Al fin llegó el día de los niños. Herodes no se salió con la suya después de todo. Hoy, día 6 de enero, primer domingo del mes, se celebra la Epifanía de los Reyes Magos, y que pone el colofón a estas fiestas navideñas, una fiesta religiosa de profundo simbolismo que año tras año se resiste a ceder frente a la imposición de otros mitos paganos.

Los Reyes Magos son los papás.

Aún nos queda una última comunión espiritual, engullir el roscón lleno de nata acompañado de un buen chocolate calentito y la última ilusión de ver quién se corona rey o el tan disimulado y risueño…, “¡uy, me ha tocado la haba!”.

Conmueve ver a los niños ilusionados. A ellos, al menos, aún les queda algo en lo que creer. Si han sido buenos durante el año, confiados en merecerlo habrán dejado sus zapatos junto al árbol de navidad con algunos dulces para sus majestades y un tazón de leche para que abreven sus camellos y, si no, también, porque quizás su acto de contrición y propósito de enmienda para el próximo año sea suficiente penitencia como para que no se merezcan que les dejen carbón.
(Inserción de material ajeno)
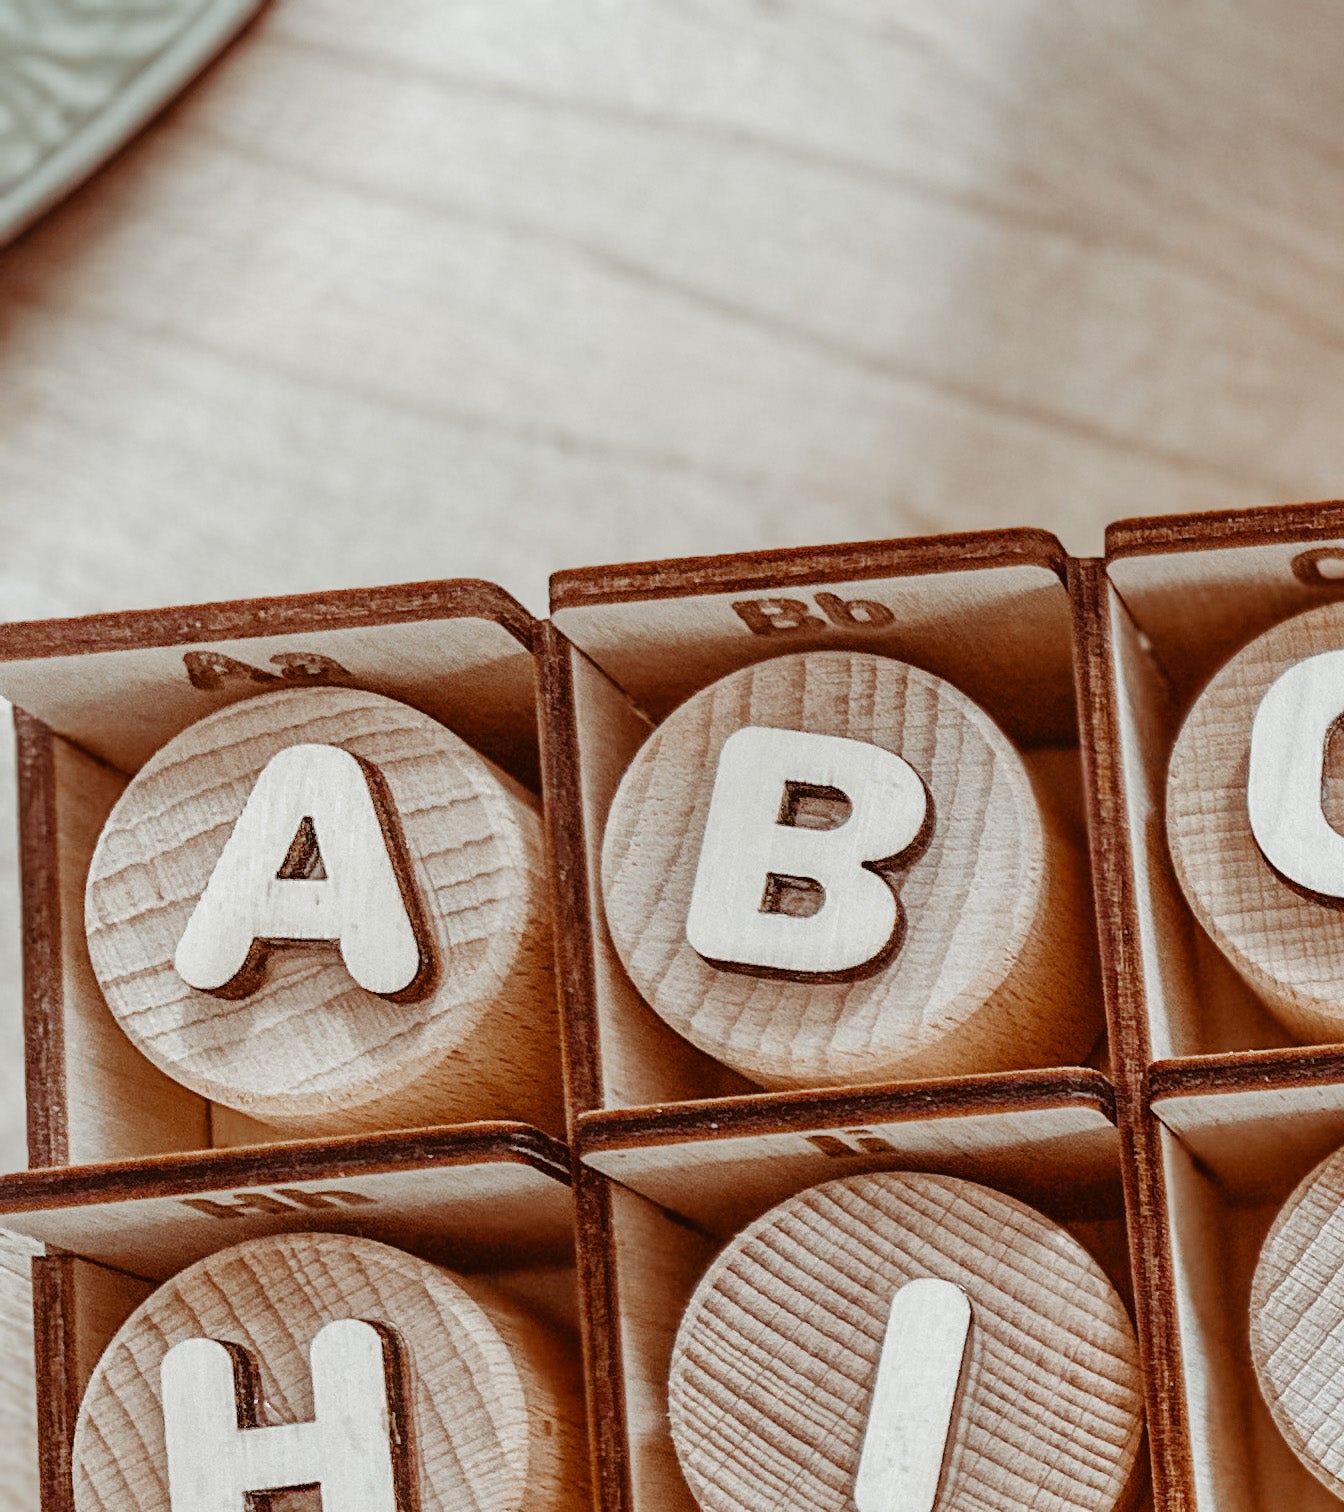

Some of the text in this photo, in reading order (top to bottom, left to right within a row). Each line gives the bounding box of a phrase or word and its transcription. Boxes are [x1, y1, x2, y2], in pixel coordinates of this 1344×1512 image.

[731, 591, 896, 636] Bb
[175, 743, 424, 996] A
[686, 725, 930, 974] B
Los más avezados habrán intentado sorprender a los Magos in fraganti. Aún les queda esa ilusión mágica. Después, la decepción…, “los Reyes Magos son mis papás”. Y, sin embargo, seamos sinceros, a quien más le hace ilusión es, precisamente, a los papás.

Se abrieron paso en los grandes almacenes para conseguir ese juguete, lo empaquetaron, lo prepararon con toda la parafernalia, se disfrazaron, y todo para poder contemplar la ilusión con la que el niño desenvuelve su regalo reventando el paquete, su sonrisa de oreja a oreja y la expresión de su cara al tener entre sus manos su juguete preferido.

                                                                 

Seguiremos creyendo en la epifanía los Reyes Magos .

Quizá sea este el momento más esperanzador con el que se afronta el nuevo año, una última oportunidad, aunque, una vez que se ha consumado la epifanía, el niño deje por ahí tirado el juguete y no le haga ni caso, para berrinche de los papás.

Antes ya habíamos cumplido con un último ritual, ritual que año tras año repetimos, llevar a nuestros niños a la parada de Sus Majestades acompañadas de sus pajes y una hilera de coloridas carrozas desde la que se lanzan caramelos y golosinas al aire como si se tratara de un estallido de fuegos artificiales. O quizá debiéramos decir que nos llevan ellos, porque, en el fondo, es nuestro niño interno quien nos lleva y, aunque ya no lo seamos, no queremos que muera nunca.

Mientras siga vivo en nuestro interior ese niño que una vez fuimos, mantendremos la ilusión, algo sincero en lo que creer, a pesar de que ya hayan pasado tantos años desde aquella noche en la que descubrimos la realidad que escondía esta epifanía y pensamos desilusionados… “¡bah, si son los papás!